Et le rendu est plutôt alléchant. "Musicalement, c'est sans doute notre album le plus abouti depuis 10 ans, il n'y a que des créations, aucune reprise", explique Christian Houllé. "Panique dans la forêt", c'est le titre de nouvel opus des Weepers Circus, à destination du jeune public, le credo du groupe depuis une dizaine d'années, pour le plus grand plaisir des parents. Pour l'instant, seuls les titres sont aboutis, restent la mise en scène, les décors, les costumes, parce que les concerts du groupe strasbourgeois sont surtout des spectacles, avant l'édition par Gallimard d'un livre-disque avec la voix de Tchéky Karyo dessus, s'il vous plaît. Reste qu'avec le confinement, tout le planning a dû être décalé, les concerts reportés au premier trimestre 2021 notamment. 
 

Seuls en résidence

"C'est vrai qu'une résidence en mode confinement, c'était étrange, explique encore Christian Houllé. On a nous a donné les clés de l'Espace Django et on s'est retrouvés tous les quatre et c'est tout. En général, on déjeune avec les salariés, il y a des interactions durant les pauses, on a même des retours sur notre travail, là, rien du tout."

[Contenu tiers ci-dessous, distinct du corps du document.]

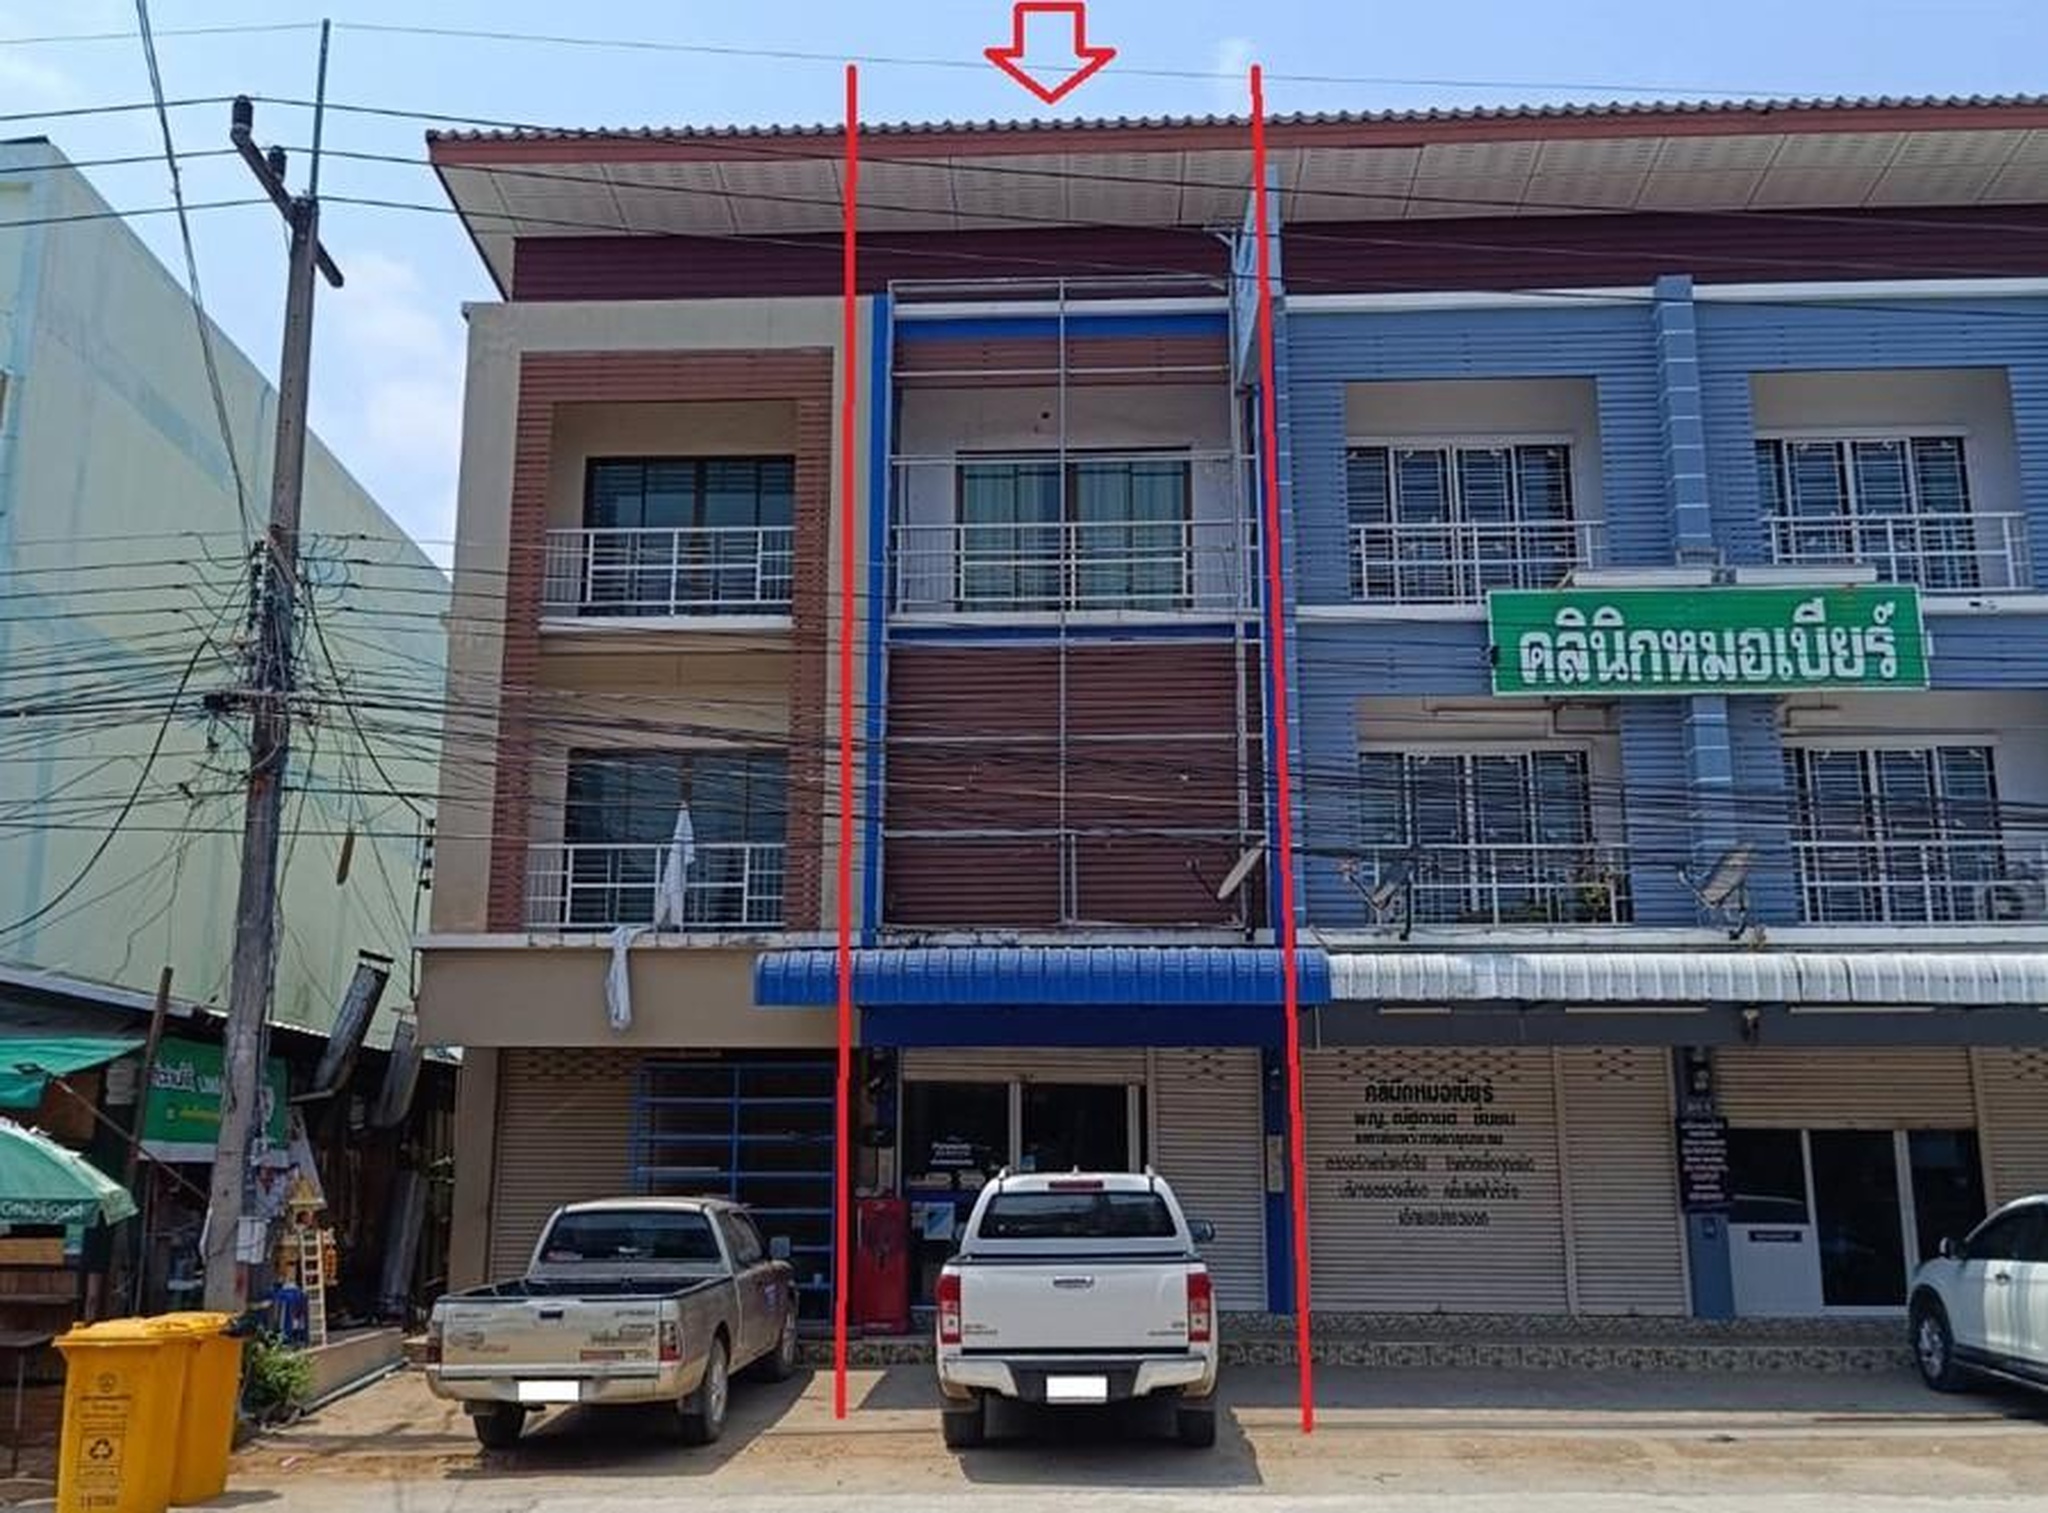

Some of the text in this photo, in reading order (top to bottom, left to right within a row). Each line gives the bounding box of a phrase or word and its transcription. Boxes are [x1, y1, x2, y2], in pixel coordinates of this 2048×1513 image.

[1519, 598, 1897, 683] คลินิกหมอเบียร์

Et Benoît Van Kote de renchérir. "Le début du confinement, ça a été radical, on avait un concert prévu juste à ce moment là, on a dû l'annuler au dernier moment. Sinon, on a essayé au maximum de reporter les dates à l'automne pour que les artistes soient payés, c'est une période très compliquée pour les acteurs du milieu culturel."
 
 

Soul train et concert aux fenêtres

Mais comme partout, peu à peu, la vie reprend son cours, le culture balbutie à nouveau aussi. Le concert capté des Weepers Circus est un début. Un autre est prévu le 11 juin, ce sera du jazz manouche et une première la semaine suivante. En effet, depuis quatre ans, l'espace Django organise des soul train, hommage à cette émission afro-américaine des années 1970. Le principe : un groupe joue et le public est invité à remonter jusqu'à lui en ligne en se déhanchant de la manière la plus funky possible.
Difficile en ces temps confinés, de bouger les uns collés aux autres. Alors il faut repenser le concept, l'espace Django l'a fait, ce sera le prochain concert capté prévu le 18 ou le 19 juin prochain, les spectateurs sont invités à se connecter et à bouger, dans leur salon, au rythme de la musique des Fat Badgers, un groupe strasbourgeois.
 
Les concerts aux fenêtres aussi vont reprendre début juillet avec la Bergerie, groupe de hip-hop strasbourgeois. Le concept existe depuis quatre ans. Un groupe se produit gratuitement sous les fenêtres des gens du quartier. "C'est tout un travail avec les bailleurs sociaux, les associations de quartier, explique Benoît Van Kote. L'idée c'est de continuer à être actif dans le Neuhof même en ces temps d'épidémie. Mais bon, là évidemment, on évitera les attroupements", assure-t-il. Huit concerts sont ainsi prévus chaque jeudi et vendredi de juillet. Pour le reste de la programmation et notamment pour la rentrée, c'est point d'interrogation. Quelles seront les conditions d'accueil du public à ce moment là? "Même le gouvernement ne le sait pas", sourit le programmateur.